Importance of Hyper Automation

  • Hyperautomation offers organizations a framework to expand on, integrate and optimize enterprise automation.
  • It generates the success of RPA tools and addresses their limitations.
  • RPA owes its rapid climb, relative to other automation technologies, to its simple use and intuitive nature.
  • For instance, because RPA mirrors how people interact with applications, employees can automate part or all their work by recording how they perform a task.
  • Since bots mirror human actions, automated work tasks are often measured for speed, accuracy, or other metrics employed by companies to gauge employee performance on equivalent tasks.
  • Early RPA efforts, however, had a significant drawback for enterprise use:
  • The technology didn’t scale easily.
  • Only about 13% of enterprises were ready to scale early RPA initiatives, consistent with a 2019 assessment by Gartner.
  • Hyperautomation forces believe in processes required to scale automation initiatives.
  • The key target is how enterprises can build a process for automating automation.
  • This separates hyper-automation from other automation frameworks that simply specialize in improving automation tools or from automation concepts like digital process automation (DPA), intelligent process automation (IPA), and cognitive automation, which specialize in automation itself.
  • Hyperautomation accelerates the method of identifying automation opportunities.
  • Then automatically generates the acceptable automation artifacts, including bots, scripts, or workflows that will use DPA, IPA, or cognitive automation components.
  • The idea of digital worker analytics focuses on performance and process: e.g., the way to track the value of developing, deploying, and managing automation to match the worth to the value delivered.
  • This analysis is vital for prioritizing future automation efforts.
  • Many sellers of RPA and enterprise automation are starting to introduce digital worker analytics into their tools.

How does Hyperautomation work?

  • Hyperautomation focuses on adding more intelligence and implementing a broader systems-based approach to scaling automation efforts.
  • The approach underscores the importance of striking the proper balance between replacing manual efforts with automation and optimizing complex processes to eliminate steps.
  • A key question lies in identifying who should be liable for the automation and the way it should be done. Frontline workers are in a better position to spot boring tasks that would be automated.

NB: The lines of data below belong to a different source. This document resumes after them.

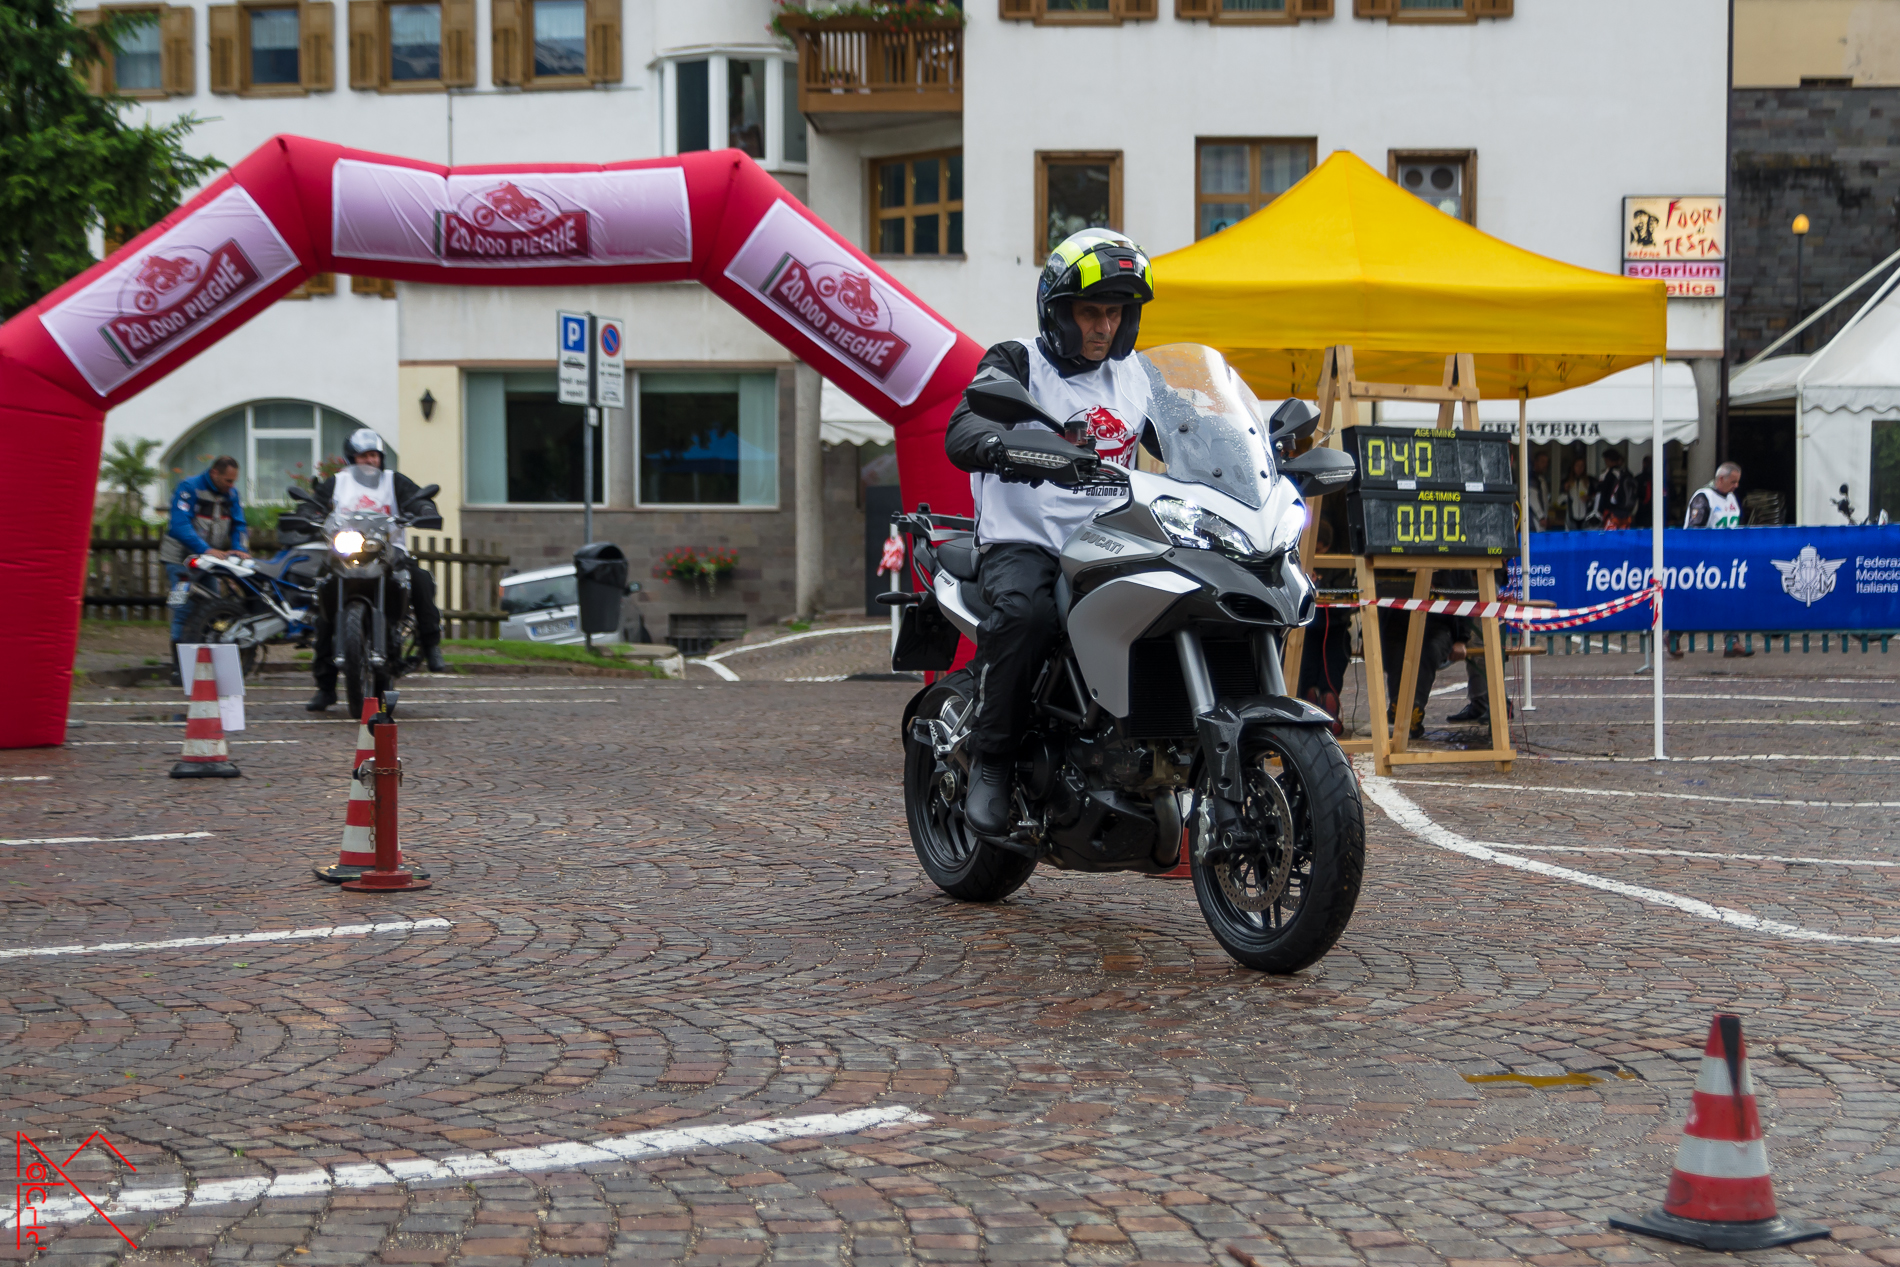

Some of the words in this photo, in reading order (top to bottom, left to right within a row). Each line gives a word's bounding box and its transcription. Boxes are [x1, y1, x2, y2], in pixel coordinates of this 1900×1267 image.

[450, 217, 507, 255] 20.000
[511, 218, 577, 255] PIEGHE
[1664, 234, 1722, 257] TESTA
[1628, 262, 1721, 277] solarium
[116, 311, 188, 349] 20.000
[183, 252, 246, 319] PIEGHE
[1667, 281, 1716, 296] etica
[780, 268, 828, 328] 20.000
[825, 321, 896, 367] PIEGHE
[567, 321, 581, 348] P
[1368, 439, 1432, 477] 040
[1085, 485, 1118, 497] edizione
[1080, 531, 1125, 555] DUCATI
[1586, 558, 1748, 591] federmoto.it
[1856, 581, 1898, 593] Italiana

  • Business process experts are in a better position to spot automation opportunities that are handled by many of us.
  • Gartner has introduced the thought of a digital twin of the organization (DTO).
  • This is often a virtual representation of how business processes work.

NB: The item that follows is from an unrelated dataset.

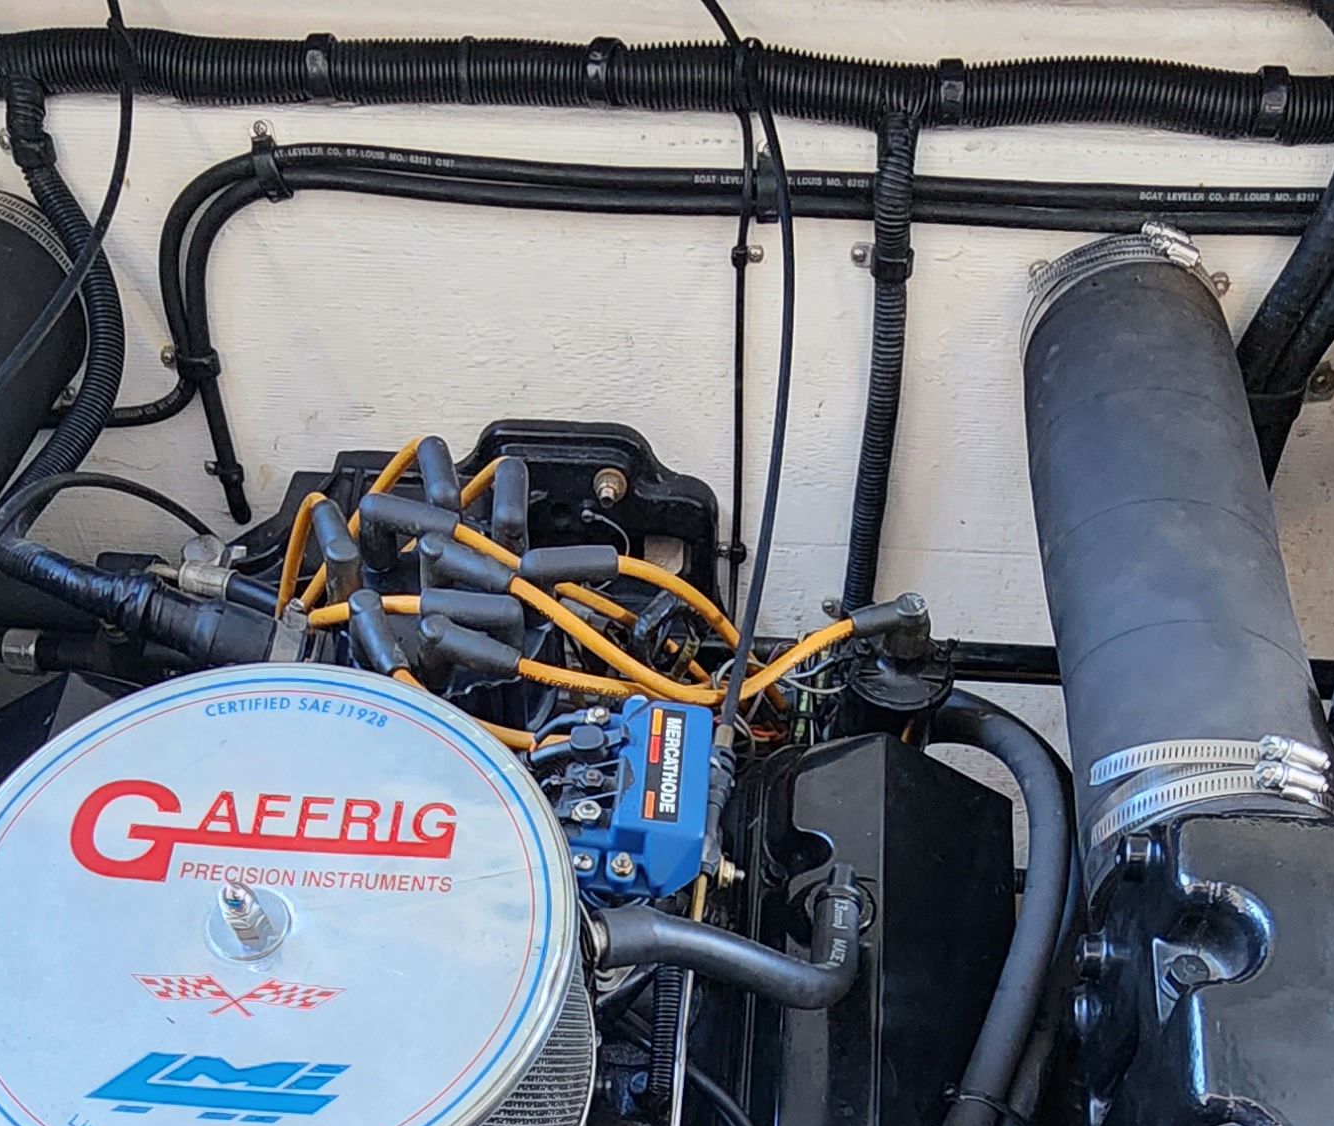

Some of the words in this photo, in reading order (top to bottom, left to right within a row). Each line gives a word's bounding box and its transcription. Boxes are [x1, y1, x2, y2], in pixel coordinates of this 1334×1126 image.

  • The representation of the method is automatically created and updated employing a combination of process mining and task mining.
  • Process mining examines enterprise software logs from business management software like CRM and ERP systems to construct a representation of process flows.
  • Task mining keeps using machine vision software running on each user’s desktop to build a view of processes that span multiple applications.
  • Process mining and task mining tools might automatically generate a DTO.
  • That allows organizations to see how functions, processes, and key performance indicators interact to drive value.
  • AI and machine learning components enable automation to interact with the planet in additional ways. for instance, OCR allows automation to process text or numbers from paper or PDF documents.
  • Tongue processing can extract and organize information from the documents, like identifying which company an invoice is from, what it’s for, and automatically capture this data into the accounting.
  • A hyper-automation platform may sit straight on top of the technologies companies have already got.
  • One main gateway to hyper-automation is RPA.
  • Every one of the leading RPA sellers is adding help for process mining, digital worker analytics, and AI integration.
  • Furthermore, other sorts of low-code automation platforms also are adding support for more hyper-automation technology components.